Appelons périodisation cette façon de découper, d'ordonner et d'embrasser, en quelques époques successives, un objet quelconque - tout objet susceptible d'être pensé historiquement: l'histoire dite universelle, la France ou l'Eglise, le costume ou l'attitude devant la mort en Occident, les investissements européens outre-Mer au XXèmes ou la didactique des disciplines. Cette procédure se rencontre d'abord chez les historiens qui périodisent à foison - l'increvable bande des quatre (Antiquité, Moyen Age, Temps modernes, Epoque contemporaine) n'étant que la plus célèbre d'une ribambelle de périodisations passées, présentes et à venir, à toute échelle. Mais les romanciers et les essayistes n'en dédaignent pas l'usage, ni nous tous dans l'exposé de nos expériences ou la fresque de nos représentations. Et plus d'un "scientifique" s'y engageà l'occasion, s'agissant de l'histoire de l'univers, de la terre, de la vie, de l'homme ou des sciences.

Je concède que la périodisation n'est souvent qu'une commodité platement scolaire ou une marotte culturelle - l'antithèse de ce que le beau nom d'imaginaire peut convoquer. Mais ce n'est pas son lot nécessaire, ni son visage premier. Elle commence par une pensée vive: un jour, quelqu'un forge une nouvelle configuration sensée des choses dans le temps, par une initiative hardie, inventive. Il a fallu d'ailleurs, pour le périodiser, concevoir d'abord un objet qui ait à la fois une homogénéité d'ensemble, à quelque titre, une originalité distinctive, à quelque titre, et des modifications remarquables, à quelque titre.... ; et ce sont là plus ou moins des postulats (sur lesquels la pensée vive peut prendre son essor), plus ou moins des présomptions (que la périodisation va tester et faire fructifier), plus ou moins des résultats (que la périodisation élabore, met en forme, rend visibles de façon simple et forte). C'est bien l'exercice de l'imaginaire que mobilisent les risques et l'initiative de cette opération.

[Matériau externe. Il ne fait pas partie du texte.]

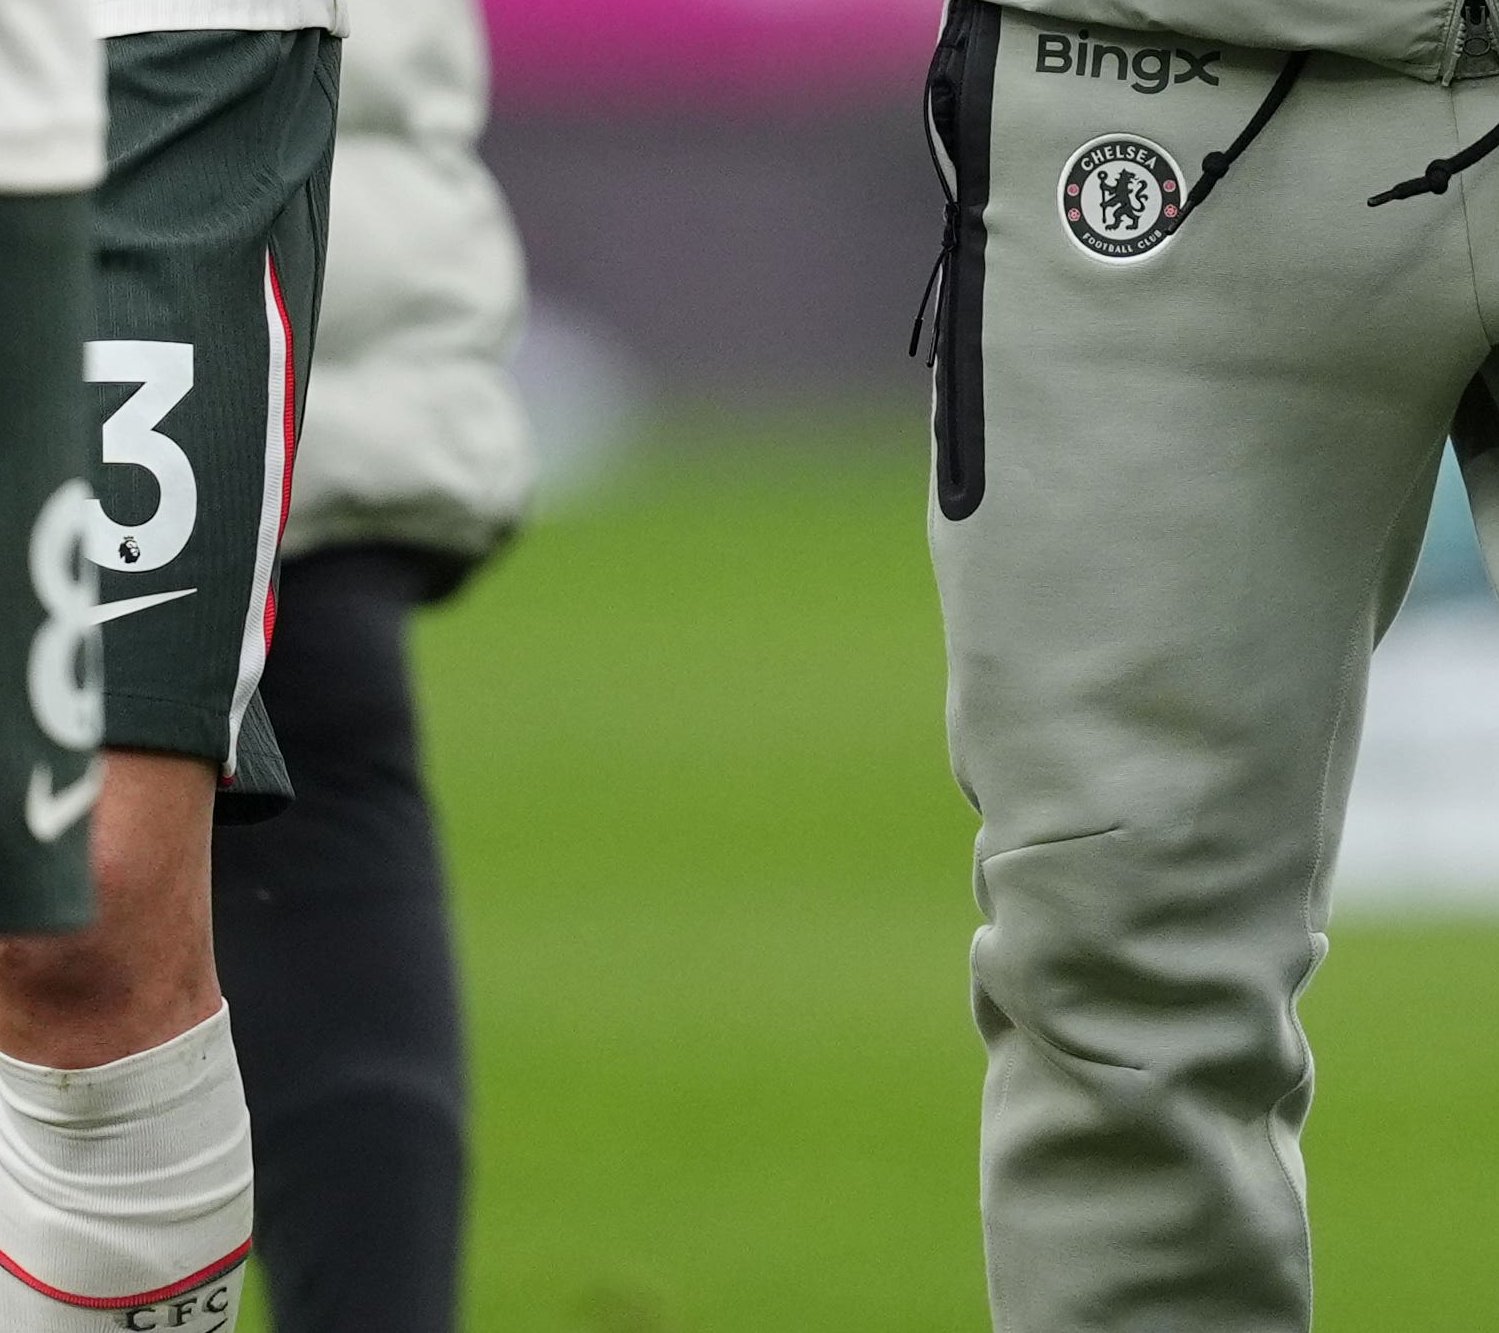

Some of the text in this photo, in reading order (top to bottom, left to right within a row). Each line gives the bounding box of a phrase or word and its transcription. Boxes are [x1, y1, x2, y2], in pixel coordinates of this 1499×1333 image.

Mais, à peine est-elle énoncée et acceptée, la périodisation passe dans les synthèses, les cours, les manuels, les conversations, les programmes... car elle a pour plaire (cf infra). Elle devient pensée morte, référence, institution, case naturelle. Si l'on a encore envie alors, de parler d'imaginaire, c'est dans un tout autre sens: celui de l'illusion mentale qui attribue aux artefacts de l'historien une réalité directement tirée du passé, par retrouvaille, et qui nous fait "voir" la cohorte de nos ancêtres passer d'un lieu temporel qui serait l'Antiquité à un autre qui serait le Moyen Age, habités chacun à leur tour, et qui nous ferait passer de-là ensuite avec eux à la Renaissance... à peu près comme nous passons par la pensée de France en Suisse et de Suisse en Italie, en nous remémorant les dernières vacances ou en préméditant les prochaines. Mais cette question fascinante n'est pas propre à la périodisation, elle est celle de la sorte de connaissance qu'est la connaissance historique, celle du degré auquel la vie sociale et individuelle supporte ou ne supporte pas d'avoir avec le passé un rapport intellectuel désenchanté, ou une connivence joueuse mais lucide, ou une crédulité toute mitonnée dans les enjeux du présent - elle est celle aussi de la "spatialisation" de nos représentations temporelles. On ne s'arrêtera pas ici sur un point qui mènerait si loin!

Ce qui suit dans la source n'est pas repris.